50 For 50: Five Decades Of The Most Important Discrimination Law Developments
Number 27: Discrimination and Harassment Policies in Handbooks
Before Title VII, employee handbooks were rare and, if they existed, they were small pamphlets explaining intra-office procedures. It wasn’t until the proliferation of lawsuits under Title VII that employers began to craft lengthy, substantive handbooks for employees.
In the 1990’s, employers started to have good reason to have a strong handbook. With the passage of the Family and Medical Leave Act, employers were required to notify employees of their rights under the law. And, in the late 1990’s, the U.S. Supreme Court found that employers could often avoid liability when an effective anti-harassment policy is ignored by an employee. Burlington Indus., Inc. v. Ellerth, 524 U.S. 742 (1998) and Faragher v. City of Boca Raton, 524 U.S. 775 (1998). As if that was not enough, a year after Faragher and Ellerth, the Supreme Court ruled that courts should consider an employer’s anti-harassment policies and programs in determining whether punitive damages should be imposed. Kolstad v. American Dental Ass’n, 527 U.S. 526 (1999).
Although the courts have not dictated the specific contents of a harassment or discrimination policy, there are several legal opinions noting key components of a defensible policy. First, the policy should define what is considered inappropriate harassment and discrimination, noting the protected EEO characteristics (i.e., race, national origin, religion, sex, etc.) which are prohibited bases for differential treatment. Second, the policy must set forth a reporting procedure that allows a victim to bypass the offending supervisor and complain to someone higher in the management chain or a human resources official. Third, the employer should make clear that employees who violate the policy will be disciplined. Lastly, a sound policy assures employees that no reprisals would be made against them for making a good faith complaint of harassment or discrimination.

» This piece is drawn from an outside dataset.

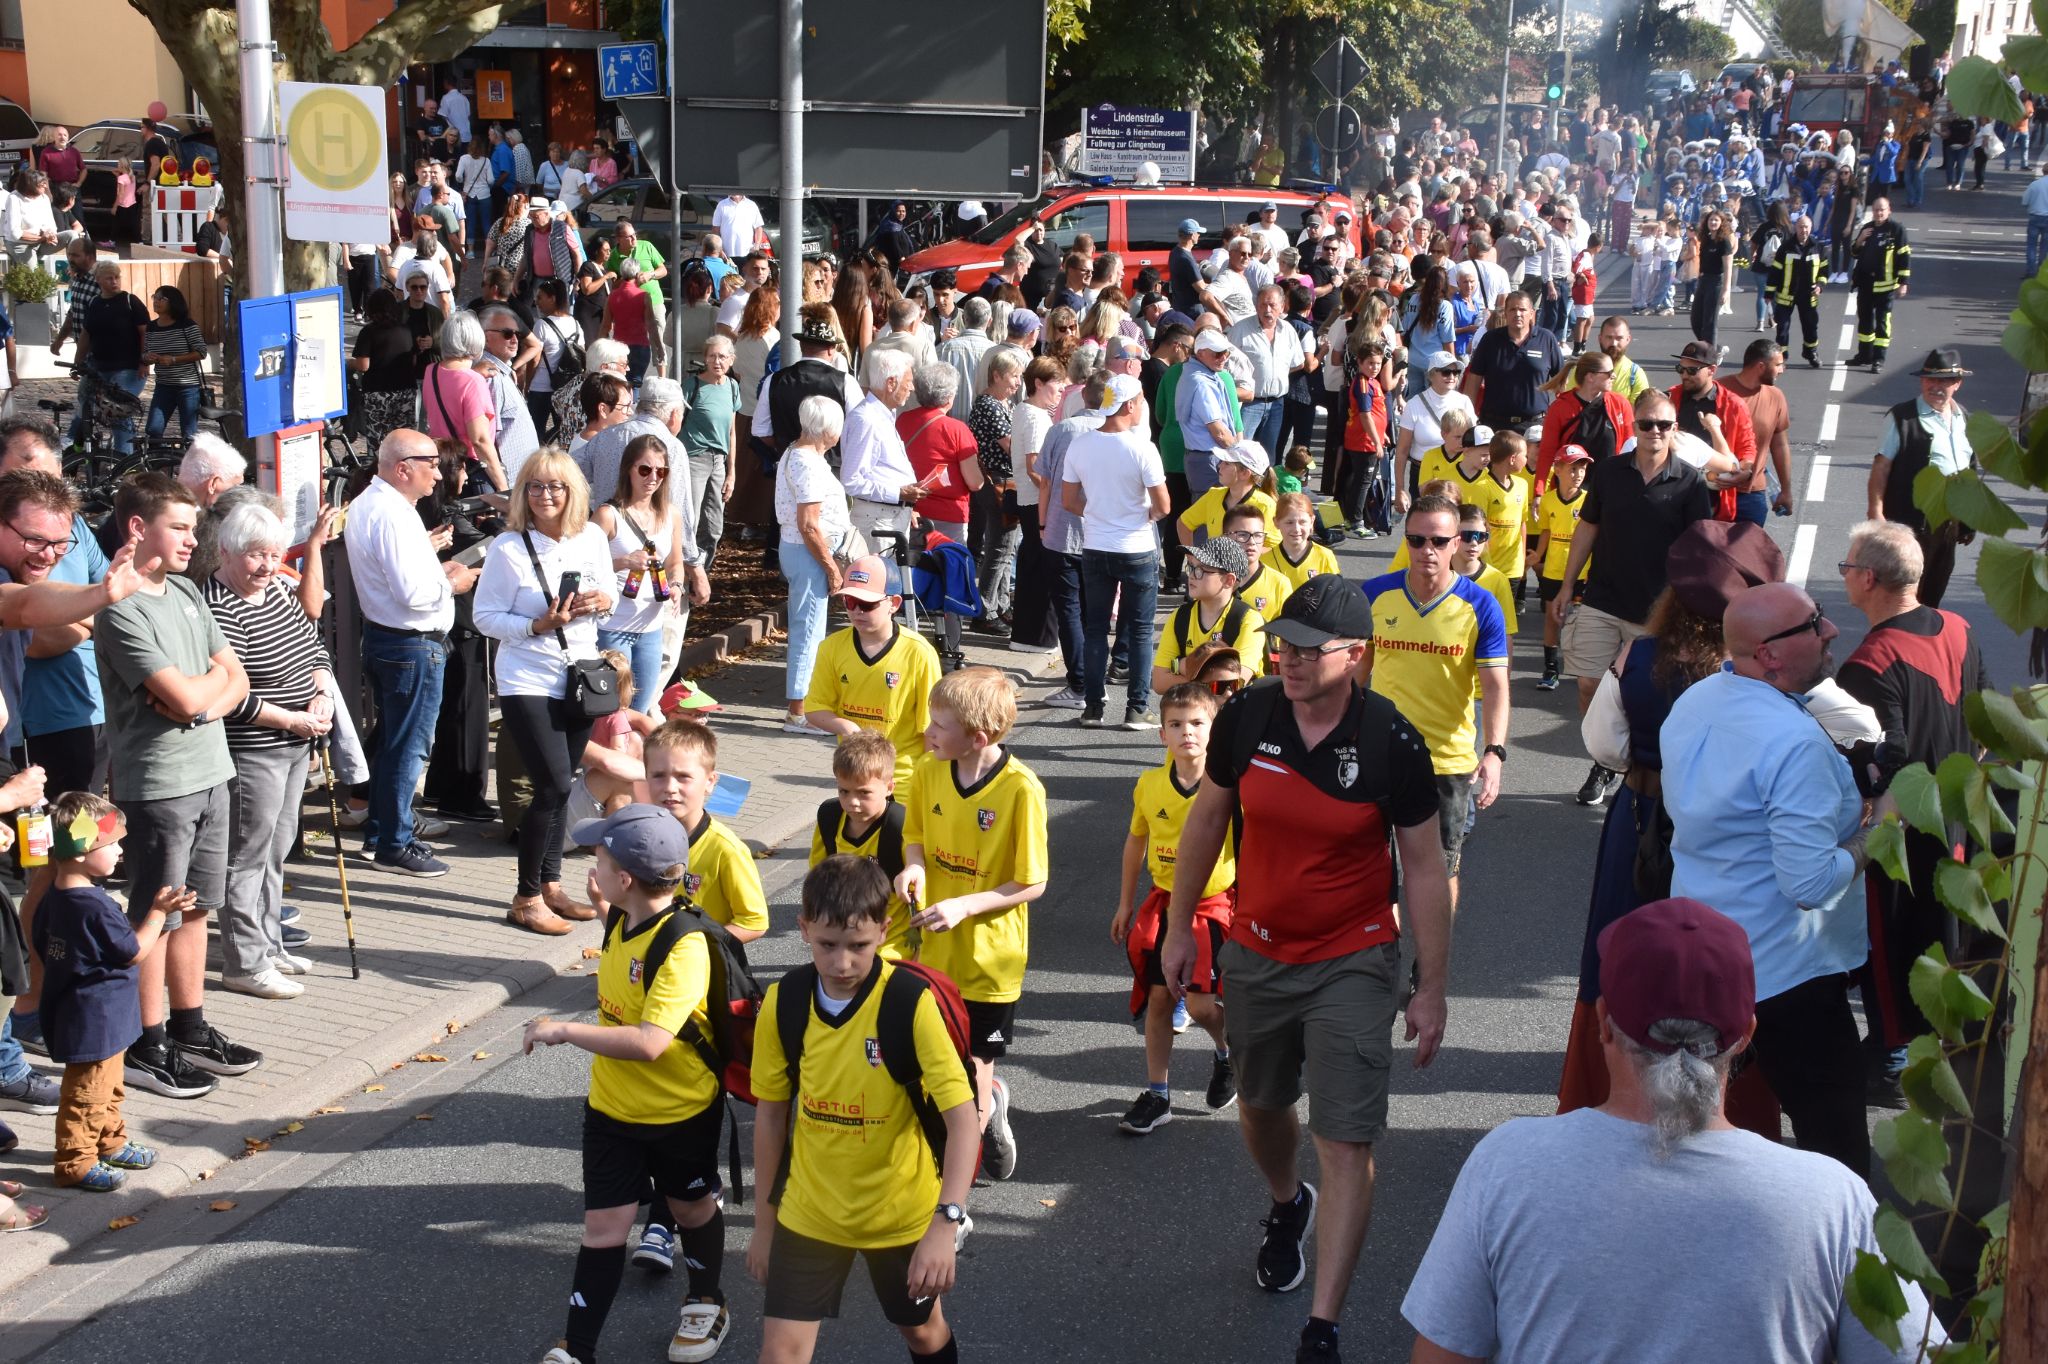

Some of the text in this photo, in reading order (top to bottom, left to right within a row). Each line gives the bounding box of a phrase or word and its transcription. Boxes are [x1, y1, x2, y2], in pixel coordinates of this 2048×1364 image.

The EEOC has been more descriptive in its Policy Guidance about requirements of appropriate harassment policies. In particular, the EEOC states that “every employer should provide every employee with a copy of the policy and complaint procedure in handbooks or posters,” and redistribute periodically. As outlined by the EEOC, an anti-harassment policy and complaint procedure should contain, at a minimum, the following elements: (1) a clear explanation of prohibited conduct; (2) an assurance that employees who make complaints of harassment or provide information related to such complaints will be protected against retaliation; (3) a clearly described complaint process that provides accessible avenues of complaint; (4) assurance that the employer will protect the confidentiality of harassment complaints to the extent possible; (5) a complaint process that provides a prompt, thorough, and impartial investigation; and, (6) an assurance that the employer will take immediate and appropriate corrective action when it determines that harassment has occurred. According to the EEOC, this policy should make clear that the employer will not tolerate harassment based on sex (with or without sexual conduct), race, color, religion, national origin, age, disability, and a protected activity (i.e., opposition to prohibited discrimination or participation in the statutory complaint process). And, the prohibition should cover harassment by anyone in the workplace – supervisors, co-workers or non-employees.
Lastly, the policy should encourage employees to report harassment before it becomes severe or pervasive. The EEOC provides that the employer must make clear to employees that it will stop harassment before it rises to the level of a legal violation in order to satisfy the employer’s duty of preventive care under Title VII.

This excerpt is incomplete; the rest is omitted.